### WHAT IS NEEDED
When a picture appears among the records, leave it out, and copy all else exactly.
**** RECORDS SUPPLIED
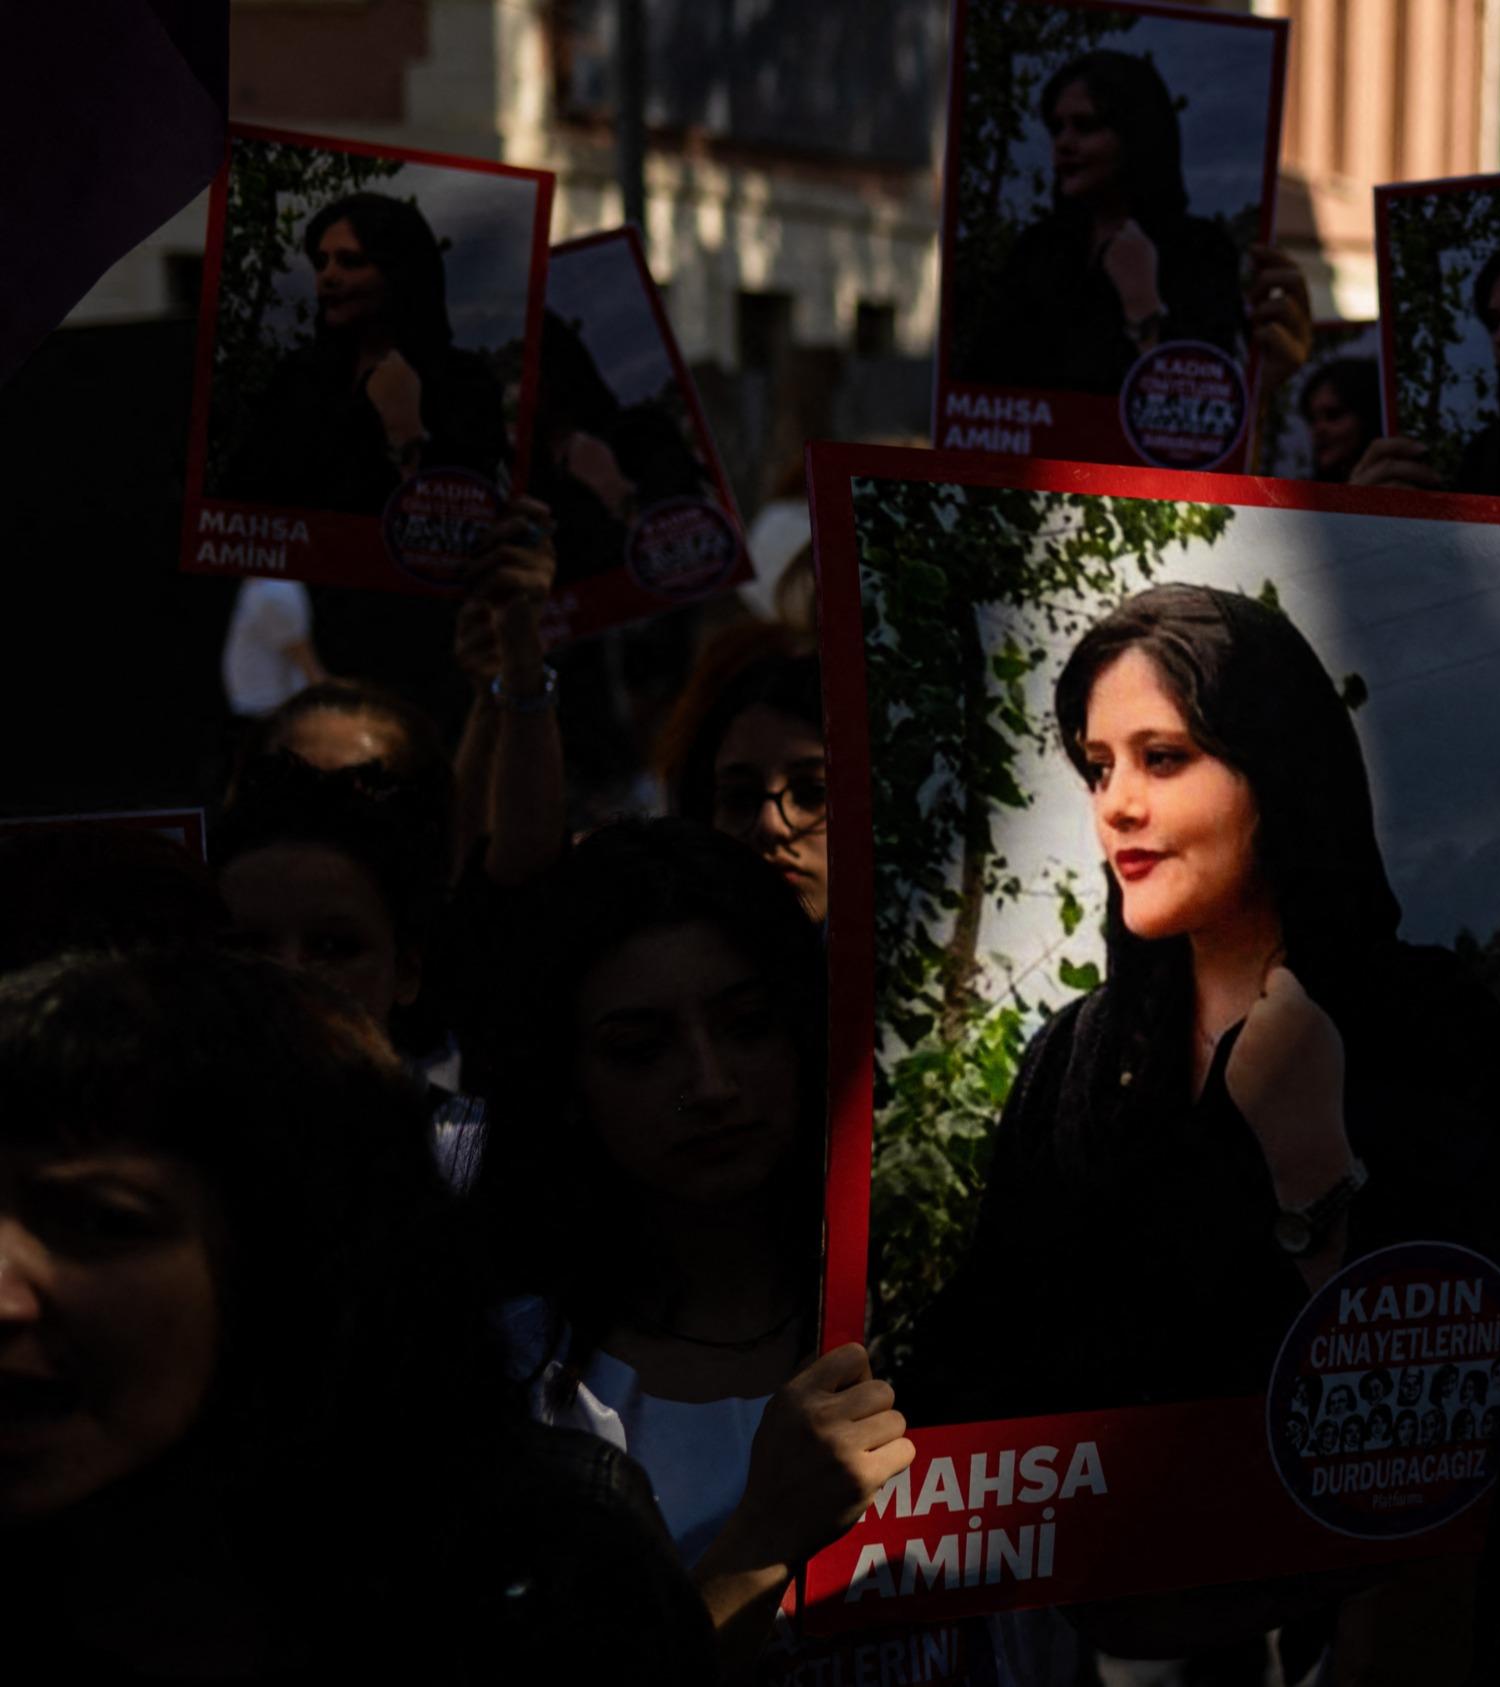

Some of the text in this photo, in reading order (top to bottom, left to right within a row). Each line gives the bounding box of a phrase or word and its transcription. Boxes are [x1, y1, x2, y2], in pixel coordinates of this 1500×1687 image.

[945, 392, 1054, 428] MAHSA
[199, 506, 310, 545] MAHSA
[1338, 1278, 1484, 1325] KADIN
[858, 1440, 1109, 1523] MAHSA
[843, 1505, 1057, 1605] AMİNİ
********
### RESULT OF THIS TASK
Some of the text in this photo, in reading order (top to bottom, left to right within a row). Each line gives the bounding box of a phrase or word and its transcription. Boxes are [x1, y1, x2, y2], in pixel coordinates of this 1500×1687 image.

[945, 392, 1054, 428] MAHSA
[199, 506, 310, 545] MAHSA
[1338, 1278, 1484, 1325] KADIN
[858, 1440, 1109, 1523] MAHSA
[843, 1505, 1057, 1605] AMİNİ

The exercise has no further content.